■ DATA FOR ANALYSIS ■
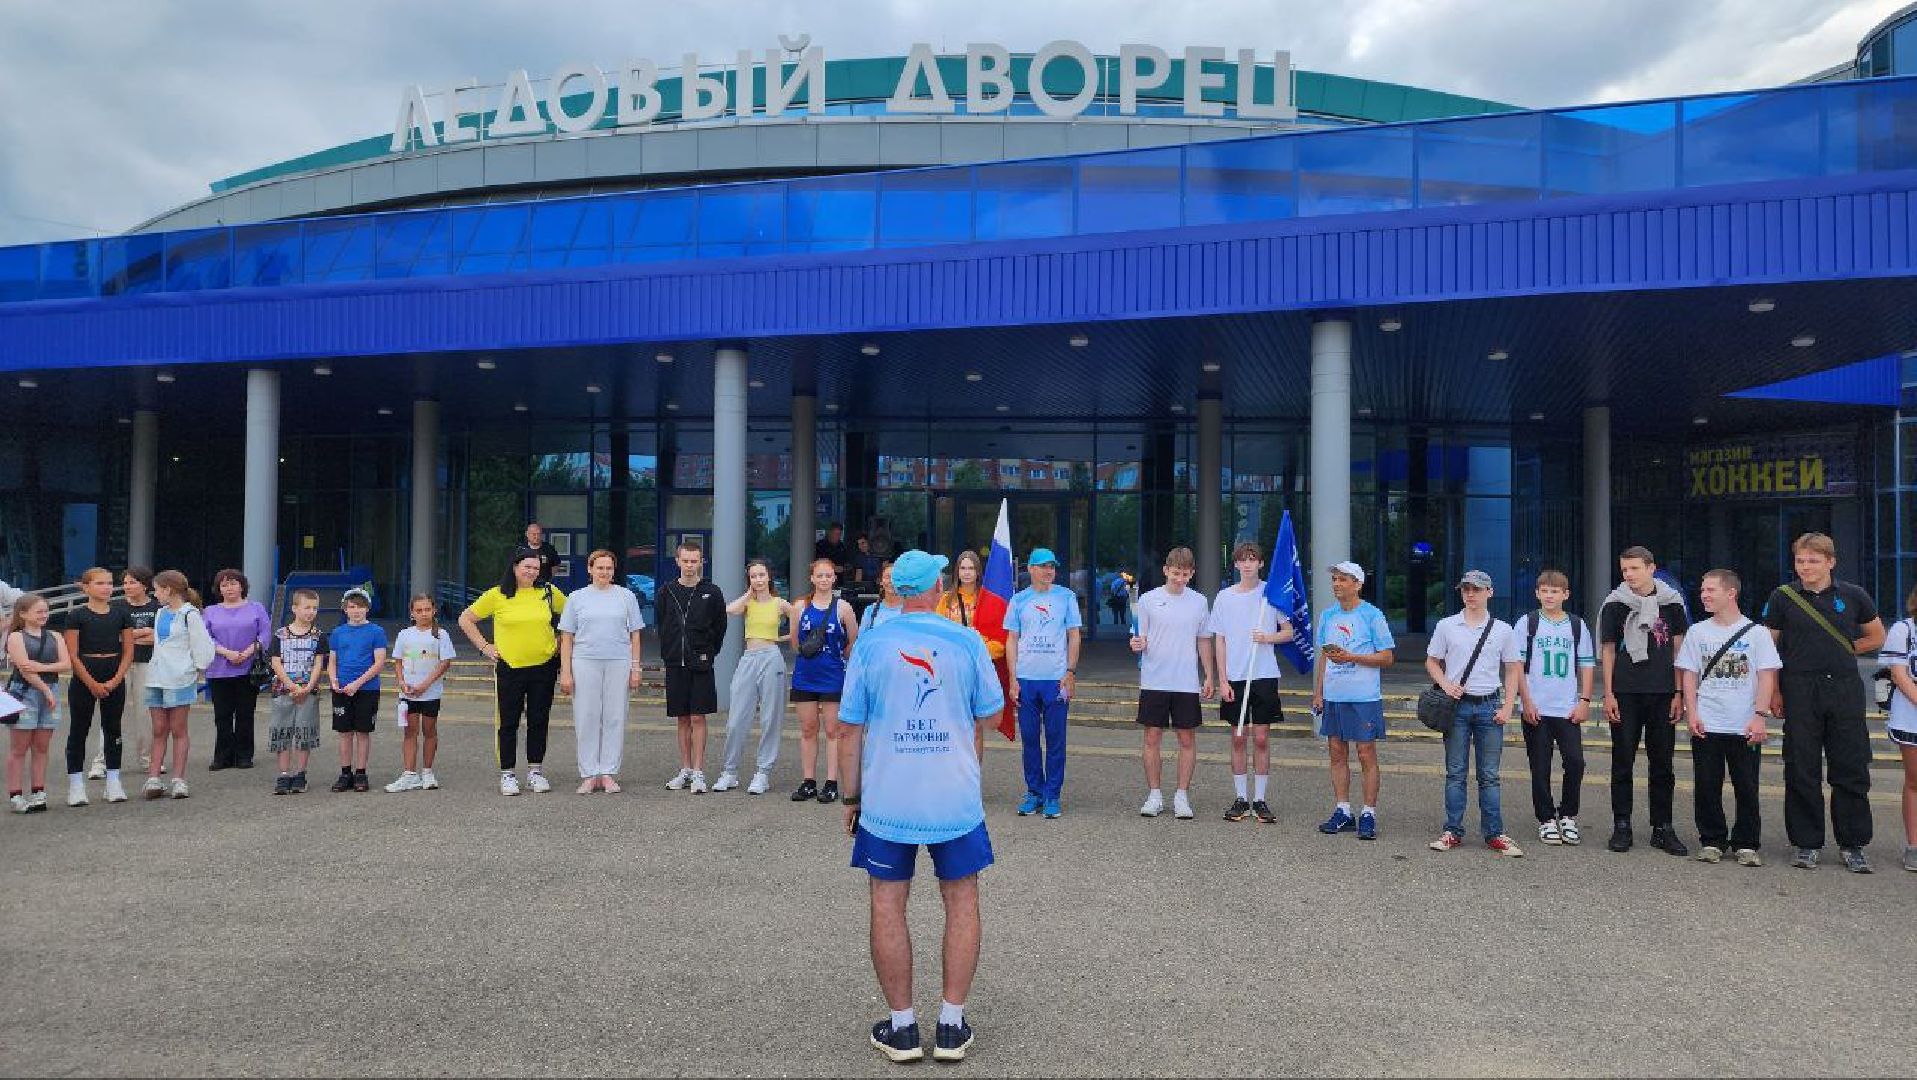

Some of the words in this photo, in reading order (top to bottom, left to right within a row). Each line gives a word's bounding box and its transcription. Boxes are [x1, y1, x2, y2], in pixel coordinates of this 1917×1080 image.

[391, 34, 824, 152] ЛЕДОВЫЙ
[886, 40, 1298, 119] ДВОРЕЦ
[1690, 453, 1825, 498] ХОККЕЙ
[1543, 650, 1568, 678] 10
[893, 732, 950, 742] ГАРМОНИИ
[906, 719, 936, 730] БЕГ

■ PROBLEM DETAILS ■
Give back the material word for word, leaving out its pictures.

■ RESPONSE FOR THIS EXERCISE ■
Some of the words in this photo, in reading order (top to bottom, left to right within a row). Each line gives a word's bounding box and its transcription. Boxes are [x1, y1, x2, y2], in pixel coordinates of this 1917×1080 image.

[391, 34, 824, 152] ЛЕДОВЫЙ
[886, 40, 1298, 119] ДВОРЕЦ
[1690, 453, 1825, 498] ХОККЕЙ
[1543, 650, 1568, 678] 10
[893, 732, 950, 742] ГАРМОНИИ
[906, 719, 936, 730] БЕГ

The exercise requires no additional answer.